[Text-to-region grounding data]

=-=-=

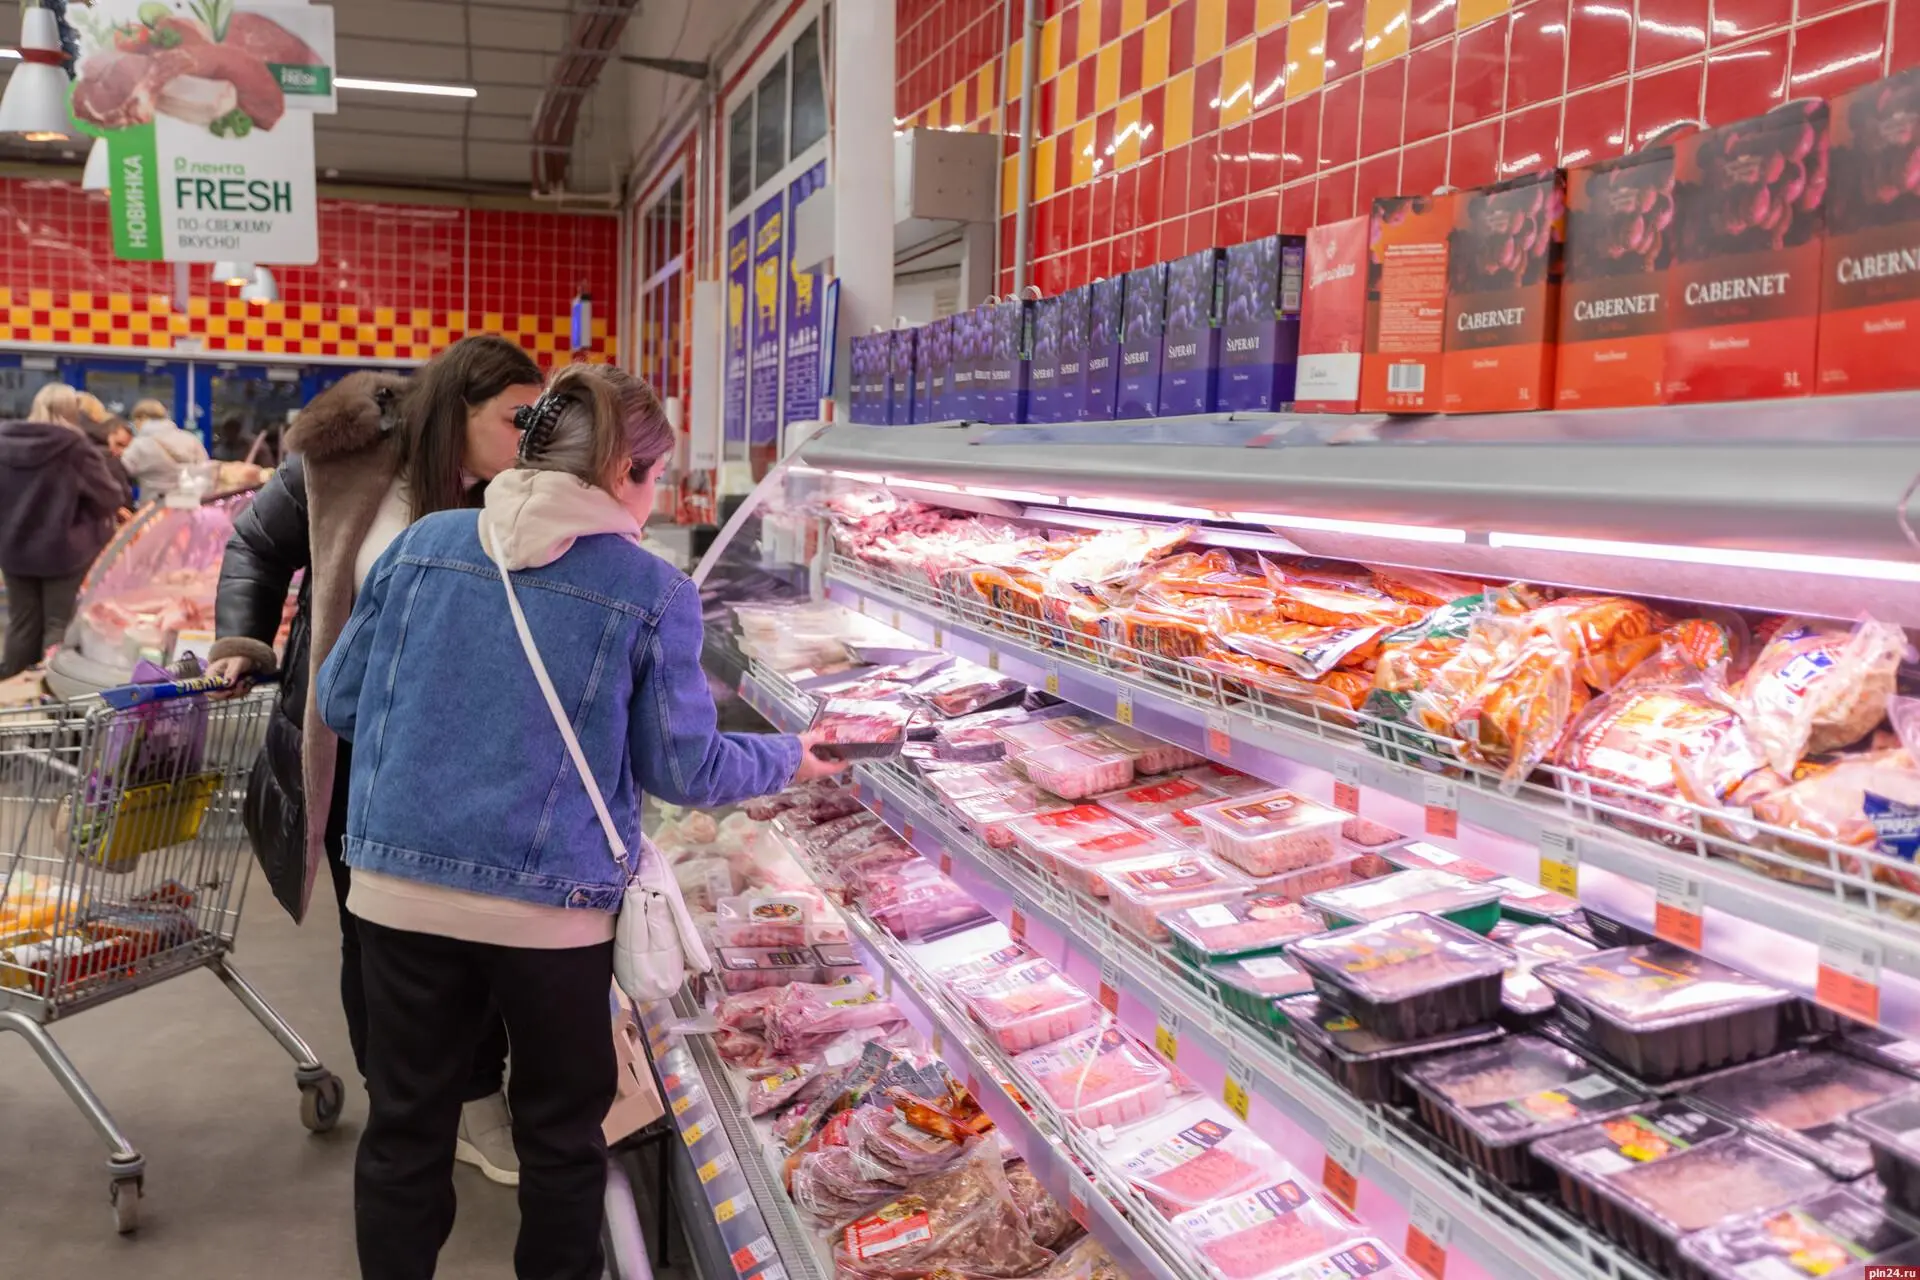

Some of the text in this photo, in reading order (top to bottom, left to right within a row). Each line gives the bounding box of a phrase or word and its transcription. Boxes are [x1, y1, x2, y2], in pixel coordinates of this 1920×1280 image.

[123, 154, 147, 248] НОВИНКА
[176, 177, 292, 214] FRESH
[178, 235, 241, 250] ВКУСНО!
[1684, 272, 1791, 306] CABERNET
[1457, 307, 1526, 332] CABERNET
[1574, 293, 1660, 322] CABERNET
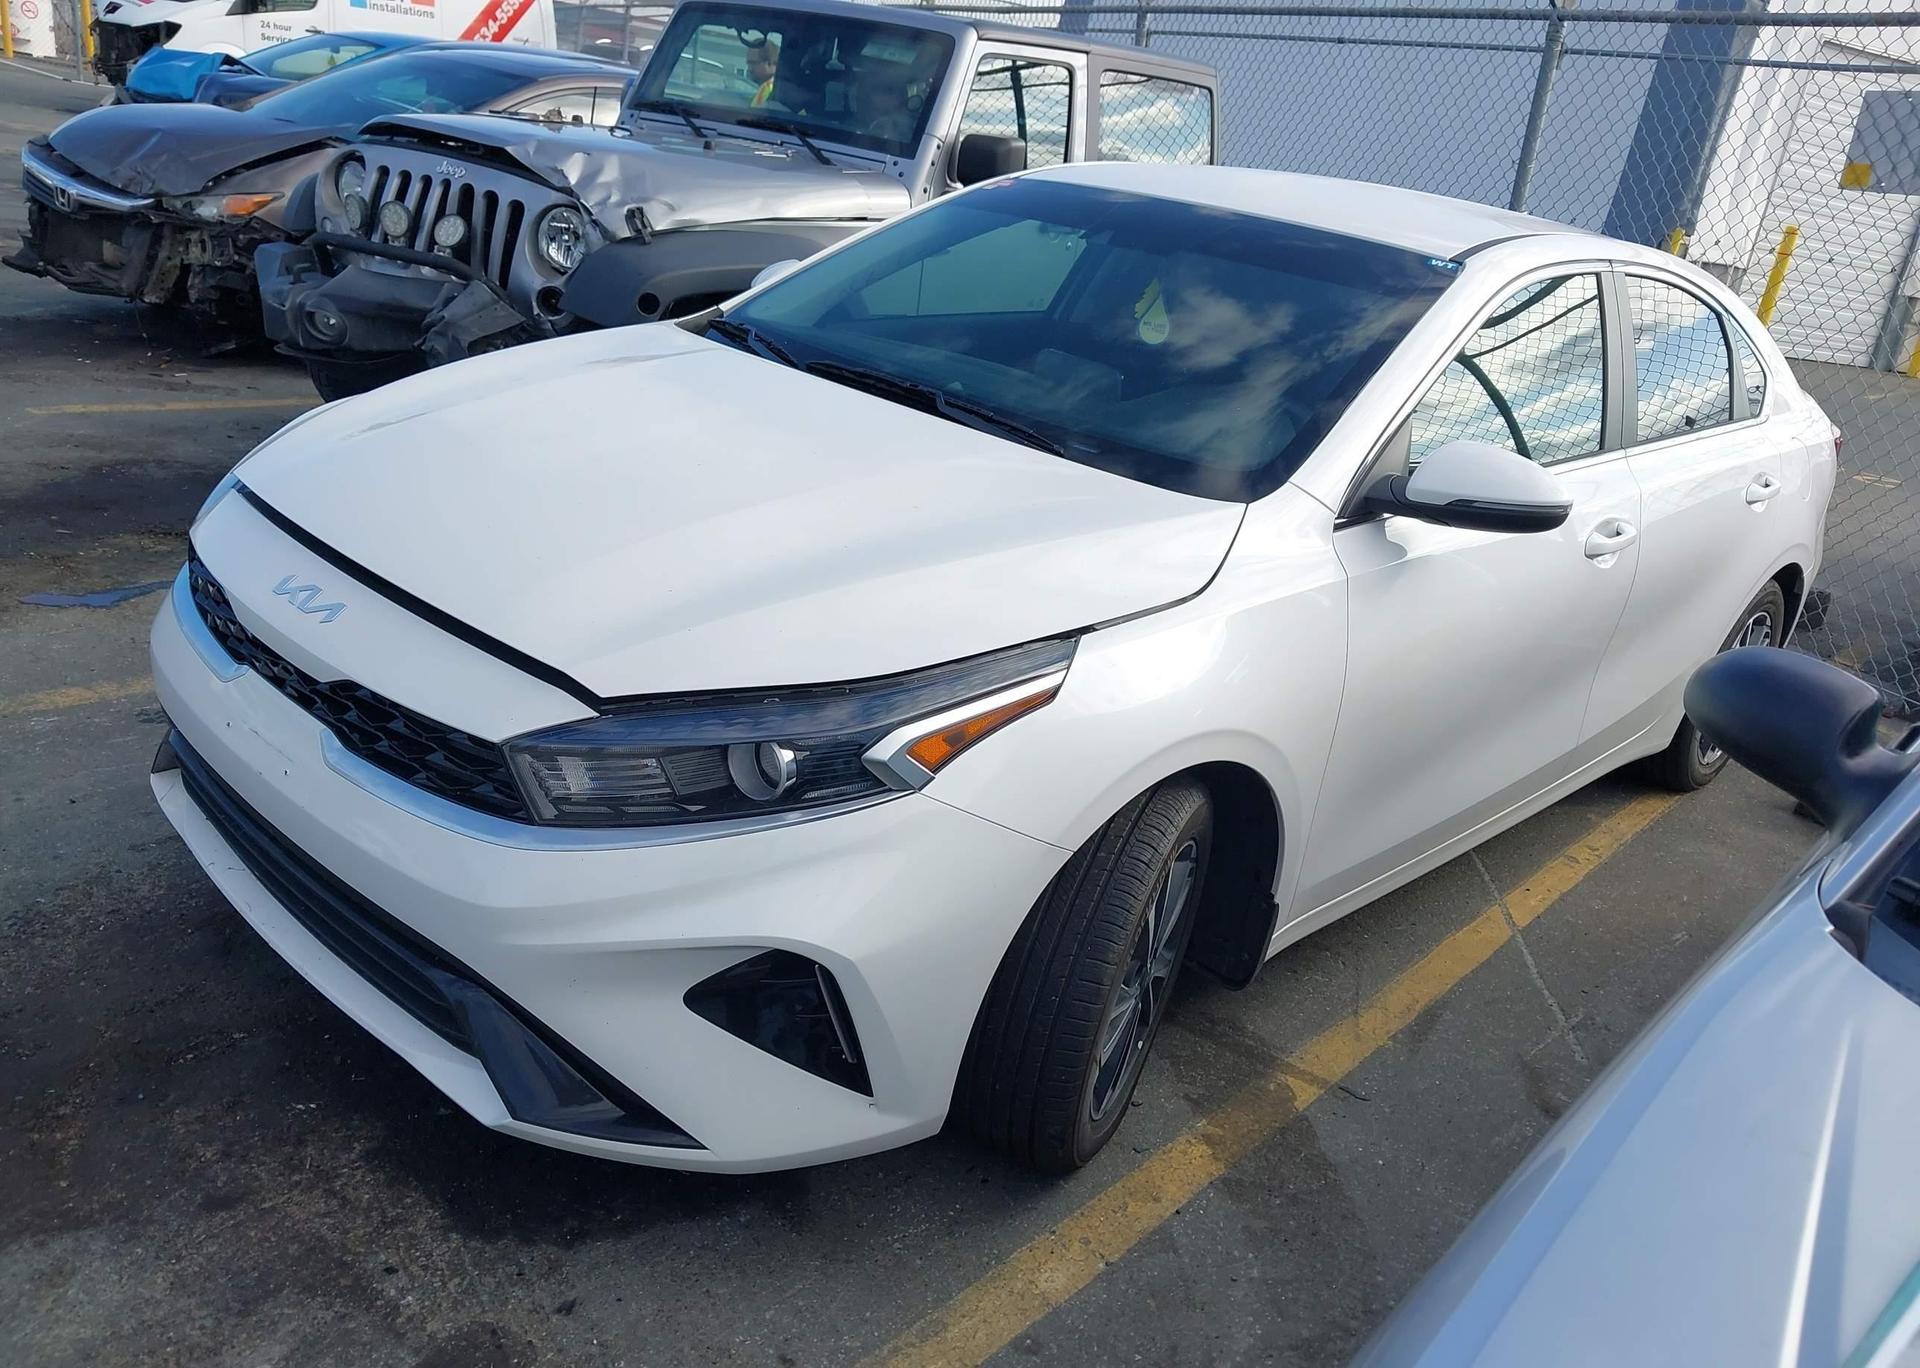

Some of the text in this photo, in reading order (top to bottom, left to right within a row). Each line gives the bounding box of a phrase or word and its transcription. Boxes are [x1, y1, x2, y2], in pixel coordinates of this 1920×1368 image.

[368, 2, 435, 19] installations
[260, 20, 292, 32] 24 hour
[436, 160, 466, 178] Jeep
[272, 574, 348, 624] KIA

=-=-=

TASK BRIEF:
Give the entries above again exactly, minus their pictures.

WRITTEN ANSWER:
Some of the text in this photo, in reading order (top to bottom, left to right within a row). Each line gives the bounding box of a phrase or word and its transcription. Boxes are [x1, y1, x2, y2], in pixel coordinates of this 1920×1280 image.

[123, 154, 147, 248] НОВИНКА
[176, 177, 292, 214] FRESH
[178, 235, 241, 250] ВКУСНО!
[1684, 272, 1791, 306] CABERNET
[1457, 307, 1526, 332] CABERNET
[1574, 293, 1660, 322] CABERNET

Some of the text in this photo, in reading order (top to bottom, left to right within a row). Each line gives the bounding box of a phrase or word and its transcription. Boxes are [x1, y1, x2, y2], in pixel coordinates of this 1920×1368 image.

[368, 2, 435, 19] installations
[260, 20, 292, 32] 24 hour
[436, 160, 466, 178] Jeep
[272, 574, 348, 624] KIA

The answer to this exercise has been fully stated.